(AVAILABLE RECORDS Opens)
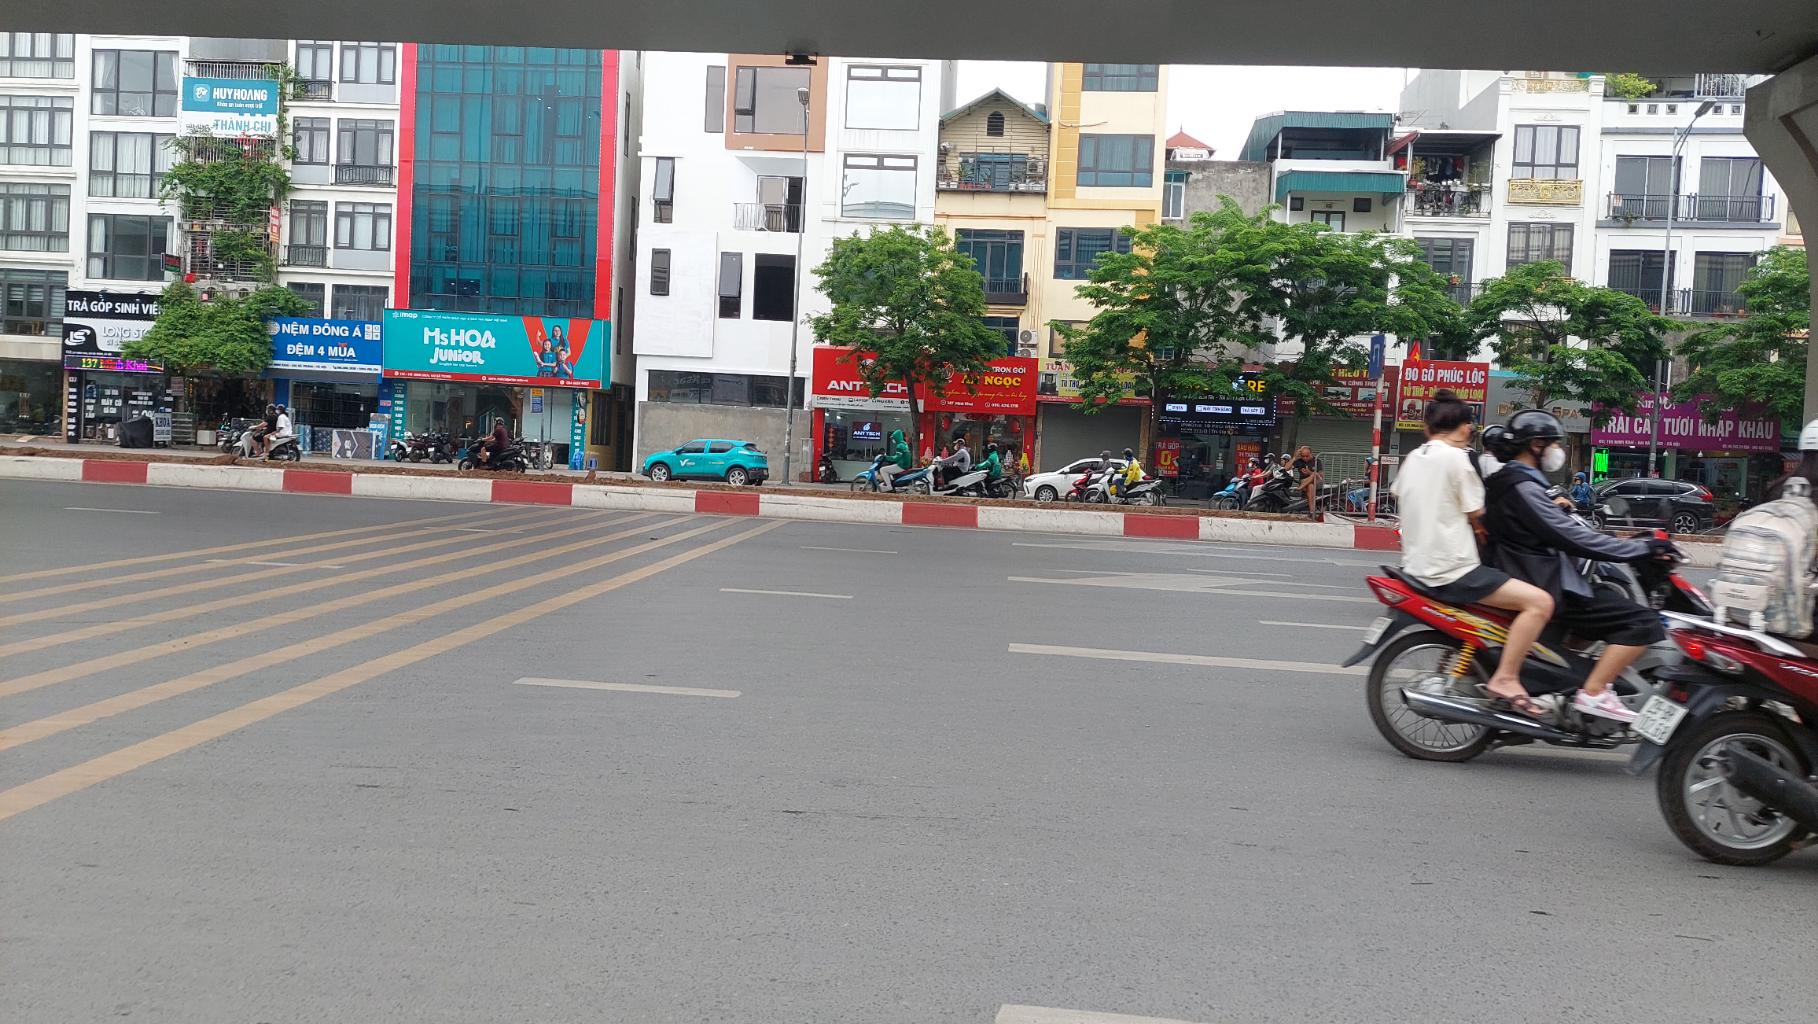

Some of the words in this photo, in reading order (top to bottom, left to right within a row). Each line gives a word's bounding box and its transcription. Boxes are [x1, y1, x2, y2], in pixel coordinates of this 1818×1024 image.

[212, 87, 268, 101] HUYHOANG
[67, 297, 89, 312] TRẢ
[90, 298, 113, 313] GÓP
[114, 301, 140, 315] SINH
[141, 300, 162, 315] VIÊ
[103, 326, 131, 339] LONG
[281, 321, 310, 337] NỆM
[312, 322, 350, 337] ĐÔNG
[351, 324, 362, 338] Á
[423, 326, 449, 346] Ms
[450, 328, 497, 348] HOA
[286, 342, 315, 357] ĐỆM
[317, 345, 326, 356] 4
[81, 358, 98, 368] 137
[1012, 365, 1026, 374] GÓI
[984, 375, 1021, 389] NGỌC
[1421, 363, 1435, 382] GỖ
[1436, 367, 1464, 384] PHÚC
[1465, 367, 1485, 387] LỘC
[827, 380, 864, 391] ANT
[1663, 416, 1694, 437] TƯƠI
[1697, 416, 1734, 442] NHẬP
(AVAILABLE RECORDS Closes)
# TASK OBJECTIVE
Please write out all the data word for word, but keep every picture out.

# ANSWER BOX
Some of the words in this photo, in reading order (top to bottom, left to right within a row). Each line gives a word's bounding box and its transcription. Boxes are [x1, y1, x2, y2], in pixel coordinates of this 1818×1024 image.

[212, 87, 268, 101] HUYHOANG
[67, 297, 89, 312] TRẢ
[90, 298, 113, 313] GÓP
[114, 301, 140, 315] SINH
[141, 300, 162, 315] VIÊ
[103, 326, 131, 339] LONG
[281, 321, 310, 337] NỆM
[312, 322, 350, 337] ĐÔNG
[351, 324, 362, 338] Á
[423, 326, 449, 346] Ms
[450, 328, 497, 348] HOA
[286, 342, 315, 357] ĐỆM
[317, 345, 326, 356] 4
[81, 358, 98, 368] 137
[1012, 365, 1026, 374] GÓI
[984, 375, 1021, 389] NGỌC
[1421, 363, 1435, 382] GỖ
[1436, 367, 1464, 384] PHÚC
[1465, 367, 1485, 387] LỘC
[827, 380, 864, 391] ANT
[1663, 416, 1694, 437] TƯƠI
[1697, 416, 1734, 442] NHẬP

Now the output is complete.